9. How Secure Does the Lock Need to Be?
Security is another major concern of door handle selection. Some designs of door handle and lock are more secure than others, but what really matters is the deadbolt. Many businesses have incredibly accessible handles including levers and push-bars but when the deadbolt is turned, that's that.
To have a strong deadbolt, you need a good latch infrastructure, a strong door, and a reinforced doorframe that cannot be pried loose with a crowbar. This will ensure that when the door is locked, no one unwanted can get in. Of course, deadbolt security may not be your only concern.
There are some situations where you will want the door latch to be secure in addition to the deadbolt. When you need a door to stay firmly closed when it's closed, or to lock at the handle in addition to the bolt without being easily unlocked. If you need the normal handle latch to be secure for, say, keeping toddlers inside; then you're looking for a door handle that latches firmly and possibly has a handle-lock in addition to the deadbolt.
10. Is Your Doorframe Up to the Task of Deadbolt Locking?
Speaking of the deadbolt, it's not just the bolt that matters. It's also the door and frame you mount the deadbolt into. A lock is only as good as the material around it. A door that breaks apart around a deadbolt isn't doing you any good. Fortunately, entry doors are designed to resist any kind of brute force attack, but your door frame might not be.
Residential door frames, in particular, are often made of wood that separates and ages over time. If your wooden doorframe can be cracked with a pry bar, then it is not secure enough to make your new entry door safe. In this case, you'll want to have your door frame reinforced and installing a new entry door is the perfect time to do this. Consider bolts with long screws that attach all the way into the door structure beam reinforcing your frame so the wood immediately around the door is of equal strength to the frame of the house itself.
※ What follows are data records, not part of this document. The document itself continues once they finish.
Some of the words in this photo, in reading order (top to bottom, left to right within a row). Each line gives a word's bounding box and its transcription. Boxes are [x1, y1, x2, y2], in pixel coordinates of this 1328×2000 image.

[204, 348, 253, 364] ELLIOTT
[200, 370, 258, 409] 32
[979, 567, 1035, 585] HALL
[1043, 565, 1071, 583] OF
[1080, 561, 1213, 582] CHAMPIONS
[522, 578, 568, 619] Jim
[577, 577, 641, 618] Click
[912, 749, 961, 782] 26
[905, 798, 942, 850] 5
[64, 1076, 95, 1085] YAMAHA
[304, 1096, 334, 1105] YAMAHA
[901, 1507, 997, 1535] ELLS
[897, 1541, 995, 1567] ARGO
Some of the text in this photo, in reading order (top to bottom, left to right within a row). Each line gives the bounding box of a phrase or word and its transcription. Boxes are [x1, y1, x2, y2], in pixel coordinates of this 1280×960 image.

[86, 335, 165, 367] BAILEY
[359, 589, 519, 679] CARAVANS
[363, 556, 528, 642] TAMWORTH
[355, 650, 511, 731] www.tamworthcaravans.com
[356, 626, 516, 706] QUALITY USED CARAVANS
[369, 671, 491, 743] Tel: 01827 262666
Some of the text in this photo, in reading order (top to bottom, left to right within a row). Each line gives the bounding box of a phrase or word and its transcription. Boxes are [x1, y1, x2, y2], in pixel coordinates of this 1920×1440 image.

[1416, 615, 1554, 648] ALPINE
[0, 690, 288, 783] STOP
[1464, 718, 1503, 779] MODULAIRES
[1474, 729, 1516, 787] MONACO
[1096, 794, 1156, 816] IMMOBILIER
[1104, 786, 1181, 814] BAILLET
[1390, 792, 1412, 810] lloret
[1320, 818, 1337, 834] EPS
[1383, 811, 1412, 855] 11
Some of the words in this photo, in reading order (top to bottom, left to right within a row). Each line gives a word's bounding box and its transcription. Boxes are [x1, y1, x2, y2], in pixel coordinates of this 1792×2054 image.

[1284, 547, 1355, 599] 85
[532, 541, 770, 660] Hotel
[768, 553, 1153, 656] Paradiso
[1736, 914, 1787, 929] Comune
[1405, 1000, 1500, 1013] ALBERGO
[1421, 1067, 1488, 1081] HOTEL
Choosing the right hardware for your new entry door involves more detail than most people realise. The right choice seems trivial until you realise that every door opening and closing, every box hauled through the door, every hip that bumps the knob will be better when the hardware suits your door and its uses perfectly. By asking yourself these questions and working with your door provider can help you choose the ideal handle for your new door. If you'd like more information about choosing the right door handle or personal guidance on making the right choice for your new door, contact us today!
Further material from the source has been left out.